=== BRIEF ===
Nothing but a full, exact copy of the data is needed.

=== SUPPLIED DATA ===
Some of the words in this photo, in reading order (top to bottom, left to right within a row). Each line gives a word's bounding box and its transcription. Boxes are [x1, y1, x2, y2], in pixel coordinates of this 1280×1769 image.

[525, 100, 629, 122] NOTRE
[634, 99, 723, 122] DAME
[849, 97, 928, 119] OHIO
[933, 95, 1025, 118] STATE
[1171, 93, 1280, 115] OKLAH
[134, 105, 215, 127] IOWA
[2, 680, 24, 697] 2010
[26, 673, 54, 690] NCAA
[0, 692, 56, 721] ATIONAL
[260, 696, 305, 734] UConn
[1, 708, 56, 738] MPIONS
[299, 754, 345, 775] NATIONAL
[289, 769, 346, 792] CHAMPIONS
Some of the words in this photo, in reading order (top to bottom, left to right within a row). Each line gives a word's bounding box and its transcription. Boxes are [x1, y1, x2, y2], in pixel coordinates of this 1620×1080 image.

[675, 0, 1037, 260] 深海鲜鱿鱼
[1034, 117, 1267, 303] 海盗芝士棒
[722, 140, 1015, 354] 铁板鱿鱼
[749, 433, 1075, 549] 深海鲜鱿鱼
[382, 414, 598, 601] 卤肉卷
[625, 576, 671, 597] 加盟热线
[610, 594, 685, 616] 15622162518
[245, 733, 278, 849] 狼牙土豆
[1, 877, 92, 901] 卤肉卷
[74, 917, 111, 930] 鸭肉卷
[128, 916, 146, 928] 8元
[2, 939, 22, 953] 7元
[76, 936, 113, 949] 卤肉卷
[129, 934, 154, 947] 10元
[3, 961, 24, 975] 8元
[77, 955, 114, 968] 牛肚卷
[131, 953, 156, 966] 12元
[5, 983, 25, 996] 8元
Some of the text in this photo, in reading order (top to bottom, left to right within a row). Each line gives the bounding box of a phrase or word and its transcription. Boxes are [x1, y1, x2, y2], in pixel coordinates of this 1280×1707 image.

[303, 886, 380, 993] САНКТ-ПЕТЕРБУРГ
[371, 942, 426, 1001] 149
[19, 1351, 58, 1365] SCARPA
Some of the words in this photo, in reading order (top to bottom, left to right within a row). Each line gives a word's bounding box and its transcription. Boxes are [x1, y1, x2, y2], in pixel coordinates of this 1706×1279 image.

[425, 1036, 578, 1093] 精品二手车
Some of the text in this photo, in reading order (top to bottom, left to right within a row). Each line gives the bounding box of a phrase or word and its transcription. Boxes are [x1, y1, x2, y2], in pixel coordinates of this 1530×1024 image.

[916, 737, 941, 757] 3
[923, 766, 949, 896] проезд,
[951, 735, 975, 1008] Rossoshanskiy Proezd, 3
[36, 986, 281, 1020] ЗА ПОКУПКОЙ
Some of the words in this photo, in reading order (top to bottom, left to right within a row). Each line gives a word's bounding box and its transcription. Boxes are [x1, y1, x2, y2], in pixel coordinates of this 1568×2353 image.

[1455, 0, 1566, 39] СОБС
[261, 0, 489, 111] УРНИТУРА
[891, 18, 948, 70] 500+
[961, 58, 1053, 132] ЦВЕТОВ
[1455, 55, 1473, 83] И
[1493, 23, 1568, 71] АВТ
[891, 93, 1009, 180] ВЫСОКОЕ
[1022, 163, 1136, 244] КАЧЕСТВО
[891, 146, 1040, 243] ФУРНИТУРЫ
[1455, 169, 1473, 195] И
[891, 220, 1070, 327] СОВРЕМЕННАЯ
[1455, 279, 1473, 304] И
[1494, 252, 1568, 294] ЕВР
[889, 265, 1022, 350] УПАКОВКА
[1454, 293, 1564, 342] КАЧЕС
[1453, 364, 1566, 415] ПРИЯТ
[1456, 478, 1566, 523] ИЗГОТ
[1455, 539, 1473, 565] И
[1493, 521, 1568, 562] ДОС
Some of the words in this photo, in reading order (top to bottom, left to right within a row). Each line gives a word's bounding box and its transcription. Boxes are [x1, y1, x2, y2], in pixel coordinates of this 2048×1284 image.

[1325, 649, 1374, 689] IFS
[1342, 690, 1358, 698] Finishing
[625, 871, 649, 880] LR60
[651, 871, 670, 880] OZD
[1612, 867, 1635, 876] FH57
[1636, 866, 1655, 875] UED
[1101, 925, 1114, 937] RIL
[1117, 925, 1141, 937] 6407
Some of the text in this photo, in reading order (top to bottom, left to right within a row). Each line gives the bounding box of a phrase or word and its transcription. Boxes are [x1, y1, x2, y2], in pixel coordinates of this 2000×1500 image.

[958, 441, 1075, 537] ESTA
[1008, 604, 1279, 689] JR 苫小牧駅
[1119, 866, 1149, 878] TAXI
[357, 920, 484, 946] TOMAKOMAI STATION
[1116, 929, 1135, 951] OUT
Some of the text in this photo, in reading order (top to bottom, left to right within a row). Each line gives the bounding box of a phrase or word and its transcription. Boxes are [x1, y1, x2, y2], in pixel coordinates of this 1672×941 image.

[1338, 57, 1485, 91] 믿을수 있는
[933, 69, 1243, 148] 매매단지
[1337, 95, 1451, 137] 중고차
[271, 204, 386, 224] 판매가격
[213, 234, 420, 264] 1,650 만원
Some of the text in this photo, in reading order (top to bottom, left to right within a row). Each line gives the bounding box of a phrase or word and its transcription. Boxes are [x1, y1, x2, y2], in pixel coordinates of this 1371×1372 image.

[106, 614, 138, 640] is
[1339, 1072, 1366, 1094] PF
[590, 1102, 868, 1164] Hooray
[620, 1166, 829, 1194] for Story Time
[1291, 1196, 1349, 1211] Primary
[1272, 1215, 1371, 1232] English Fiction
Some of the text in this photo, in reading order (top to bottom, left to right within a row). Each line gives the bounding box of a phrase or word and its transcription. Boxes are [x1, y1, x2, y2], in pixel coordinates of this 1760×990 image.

=== RESPONSE FOR THIS EXERCISE ===
Some of the words in this photo, in reading order (top to bottom, left to right within a row). Each line gives a word's bounding box and its transcription. Boxes are [x1, y1, x2, y2], in pixel coordinates of this 1280×1769 image.

[525, 100, 629, 122] NOTRE
[634, 99, 723, 122] DAME
[849, 97, 928, 119] OHIO
[933, 95, 1025, 118] STATE
[1171, 93, 1280, 115] OKLAH
[134, 105, 215, 127] IOWA
[2, 680, 24, 697] 2010
[26, 673, 54, 690] NCAA
[0, 692, 56, 721] ATIONAL
[260, 696, 305, 734] UConn
[1, 708, 56, 738] MPIONS
[299, 754, 345, 775] NATIONAL
[289, 769, 346, 792] CHAMPIONS
Some of the words in this photo, in reading order (top to bottom, left to right within a row). Each line gives a word's bounding box and its transcription. Boxes are [x1, y1, x2, y2], in pixel coordinates of this 1620×1080 image.

[675, 0, 1037, 260] 深海鲜鱿鱼
[1034, 117, 1267, 303] 海盗芝士棒
[722, 140, 1015, 354] 铁板鱿鱼
[749, 433, 1075, 549] 深海鲜鱿鱼
[382, 414, 598, 601] 卤肉卷
[625, 576, 671, 597] 加盟热线
[610, 594, 685, 616] 15622162518
[245, 733, 278, 849] 狼牙土豆
[1, 877, 92, 901] 卤肉卷
[74, 917, 111, 930] 鸭肉卷
[128, 916, 146, 928] 8元
[2, 939, 22, 953] 7元
[76, 936, 113, 949] 卤肉卷
[129, 934, 154, 947] 10元
[3, 961, 24, 975] 8元
[77, 955, 114, 968] 牛肚卷
[131, 953, 156, 966] 12元
[5, 983, 25, 996] 8元
Some of the text in this photo, in reading order (top to bottom, left to right within a row). Each line gives the bounding box of a phrase or word and its transcription. Boxes are [x1, y1, x2, y2], in pixel coordinates of this 1280×1707 image.

[303, 886, 380, 993] САНКТ-ПЕТЕРБУРГ
[371, 942, 426, 1001] 149
[19, 1351, 58, 1365] SCARPA
Some of the words in this photo, in reading order (top to bottom, left to right within a row). Each line gives a word's bounding box and its transcription. Boxes are [x1, y1, x2, y2], in pixel coordinates of this 1706×1279 image.

[425, 1036, 578, 1093] 精品二手车
Some of the text in this photo, in reading order (top to bottom, left to right within a row). Each line gives the bounding box of a phrase or word and its transcription. Boxes are [x1, y1, x2, y2], in pixel coordinates of this 1530×1024 image.

[916, 737, 941, 757] 3
[923, 766, 949, 896] проезд,
[951, 735, 975, 1008] Rossoshanskiy Proezd, 3
[36, 986, 281, 1020] ЗА ПОКУПКОЙ
Some of the words in this photo, in reading order (top to bottom, left to right within a row). Each line gives a word's bounding box and its transcription. Boxes are [x1, y1, x2, y2], in pixel coordinates of this 1568×2353 image.

[1455, 0, 1566, 39] СОБС
[261, 0, 489, 111] УРНИТУРА
[891, 18, 948, 70] 500+
[961, 58, 1053, 132] ЦВЕТОВ
[1455, 55, 1473, 83] И
[1493, 23, 1568, 71] АВТ
[891, 93, 1009, 180] ВЫСОКОЕ
[1022, 163, 1136, 244] КАЧЕСТВО
[891, 146, 1040, 243] ФУРНИТУРЫ
[1455, 169, 1473, 195] И
[891, 220, 1070, 327] СОВРЕМЕННАЯ
[1455, 279, 1473, 304] И
[1494, 252, 1568, 294] ЕВР
[889, 265, 1022, 350] УПАКОВКА
[1454, 293, 1564, 342] КАЧЕС
[1453, 364, 1566, 415] ПРИЯТ
[1456, 478, 1566, 523] ИЗГОТ
[1455, 539, 1473, 565] И
[1493, 521, 1568, 562] ДОС
Some of the words in this photo, in reading order (top to bottom, left to right within a row). Each line gives a word's bounding box and its transcription. Boxes are [x1, y1, x2, y2], in pixel coordinates of this 2048×1284 image.

[1325, 649, 1374, 689] IFS
[1342, 690, 1358, 698] Finishing
[625, 871, 649, 880] LR60
[651, 871, 670, 880] OZD
[1612, 867, 1635, 876] FH57
[1636, 866, 1655, 875] UED
[1101, 925, 1114, 937] RIL
[1117, 925, 1141, 937] 6407
Some of the text in this photo, in reading order (top to bottom, left to right within a row). Each line gives the bounding box of a phrase or word and its transcription. Boxes are [x1, y1, x2, y2], in pixel coordinates of this 2000×1500 image.

[958, 441, 1075, 537] ESTA
[1008, 604, 1279, 689] JR 苫小牧駅
[1119, 866, 1149, 878] TAXI
[357, 920, 484, 946] TOMAKOMAI STATION
[1116, 929, 1135, 951] OUT
Some of the text in this photo, in reading order (top to bottom, left to right within a row). Each line gives the bounding box of a phrase or word and its transcription. Boxes are [x1, y1, x2, y2], in pixel coordinates of this 1672×941 image.

[1338, 57, 1485, 91] 믿을수 있는
[933, 69, 1243, 148] 매매단지
[1337, 95, 1451, 137] 중고차
[271, 204, 386, 224] 판매가격
[213, 234, 420, 264] 1,650 만원
Some of the text in this photo, in reading order (top to bottom, left to right within a row). Each line gives the bounding box of a phrase or word and its transcription. Boxes are [x1, y1, x2, y2], in pixel coordinates of this 1371×1372 image.

[106, 614, 138, 640] is
[1339, 1072, 1366, 1094] PF
[590, 1102, 868, 1164] Hooray
[620, 1166, 829, 1194] for Story Time
[1291, 1196, 1349, 1211] Primary
[1272, 1215, 1371, 1232] English Fiction
Some of the text in this photo, in reading order (top to bottom, left to right within a row). Each line gives the bounding box of a phrase or word and its transcription. Boxes are [x1, y1, x2, y2], in pixel coordinates of this 1760×990 image.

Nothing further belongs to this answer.